• [WHAT TO DO] Without the pictures, copy the entries below word for word.

──────

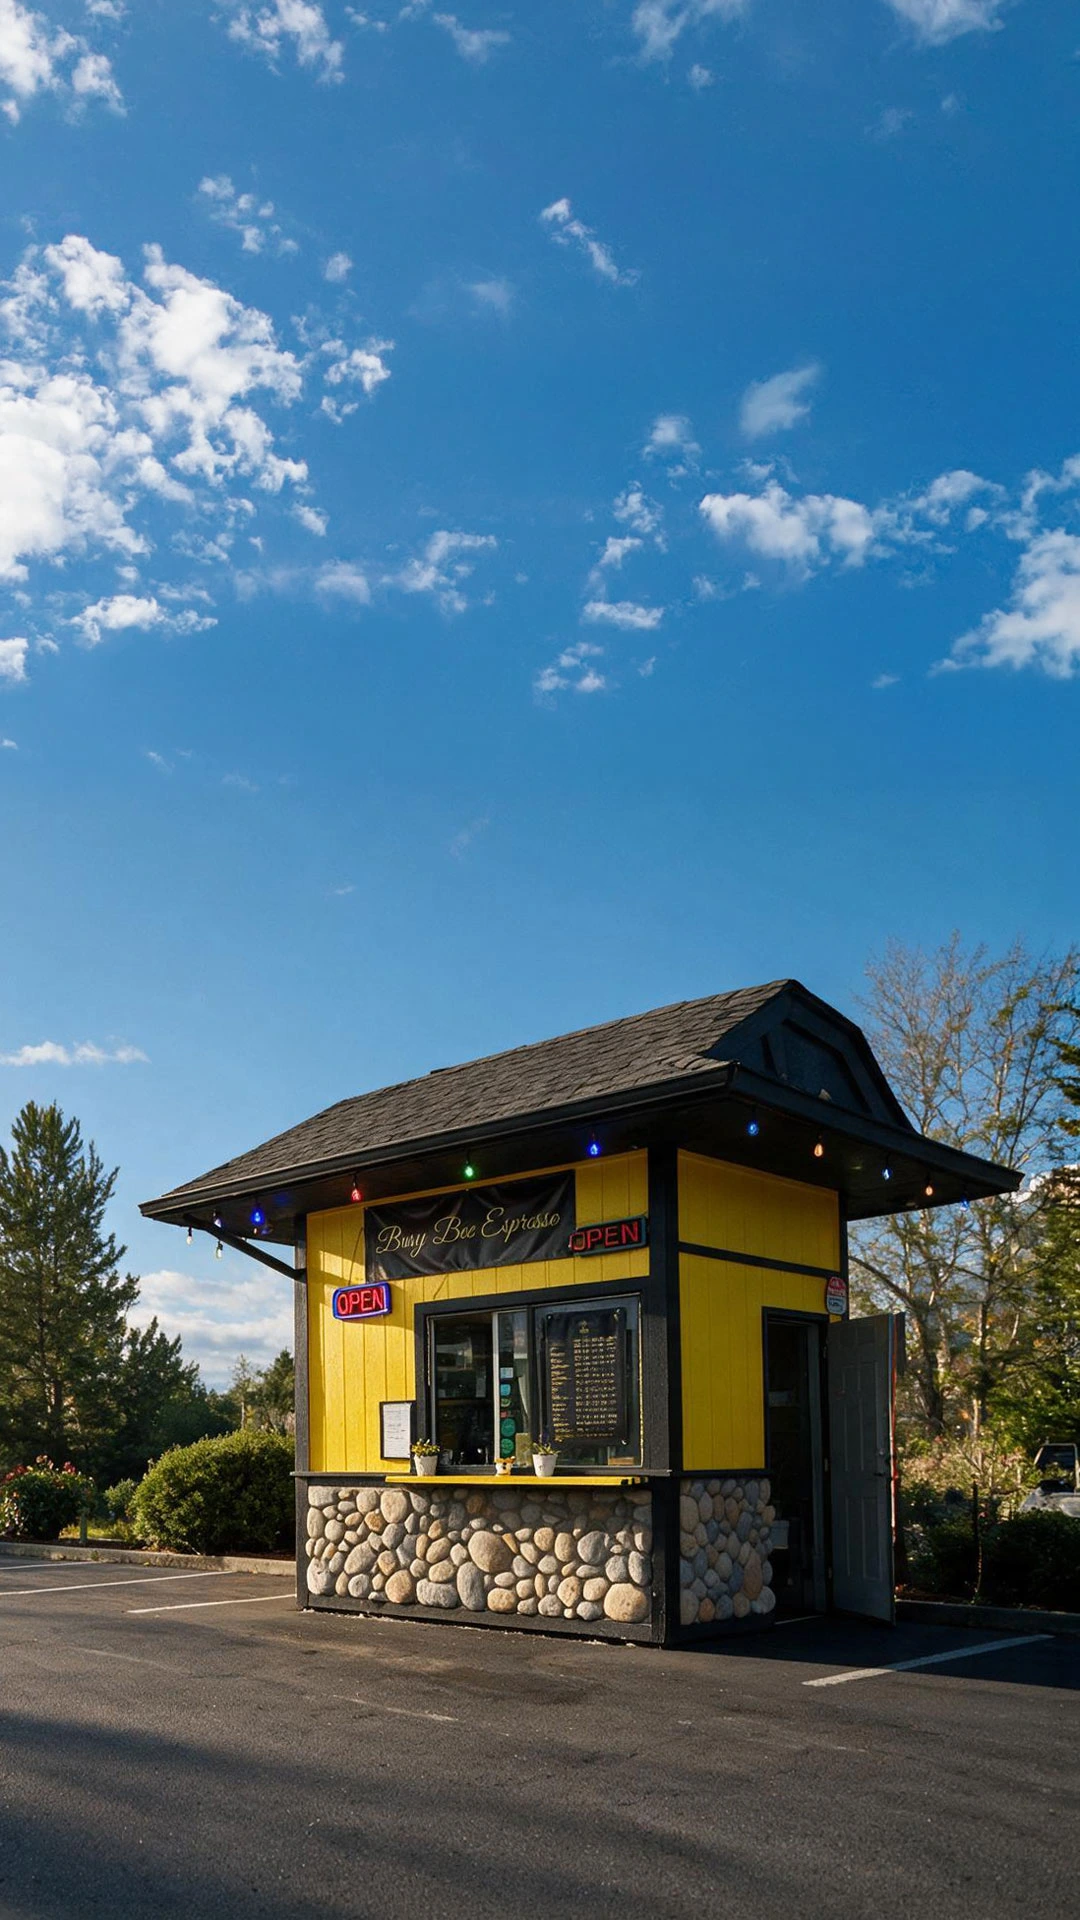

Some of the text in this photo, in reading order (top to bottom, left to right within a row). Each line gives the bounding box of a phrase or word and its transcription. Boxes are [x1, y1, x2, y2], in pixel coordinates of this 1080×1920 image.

[376, 1225, 426, 1258] Busy
[433, 1216, 475, 1244] Bee
[568, 1221, 639, 1251] OPEN
[337, 1287, 383, 1314] OPEN

──────

• [SOLUTION BELOW]
Some of the text in this photo, in reading order (top to bottom, left to right within a row). Each line gives the bounding box of a phrase or word and its transcription. Boxes are [x1, y1, x2, y2], in pixel coordinates of this 1080×1920 image.

[376, 1225, 426, 1258] Busy
[433, 1216, 475, 1244] Bee
[568, 1221, 639, 1251] OPEN
[337, 1287, 383, 1314] OPEN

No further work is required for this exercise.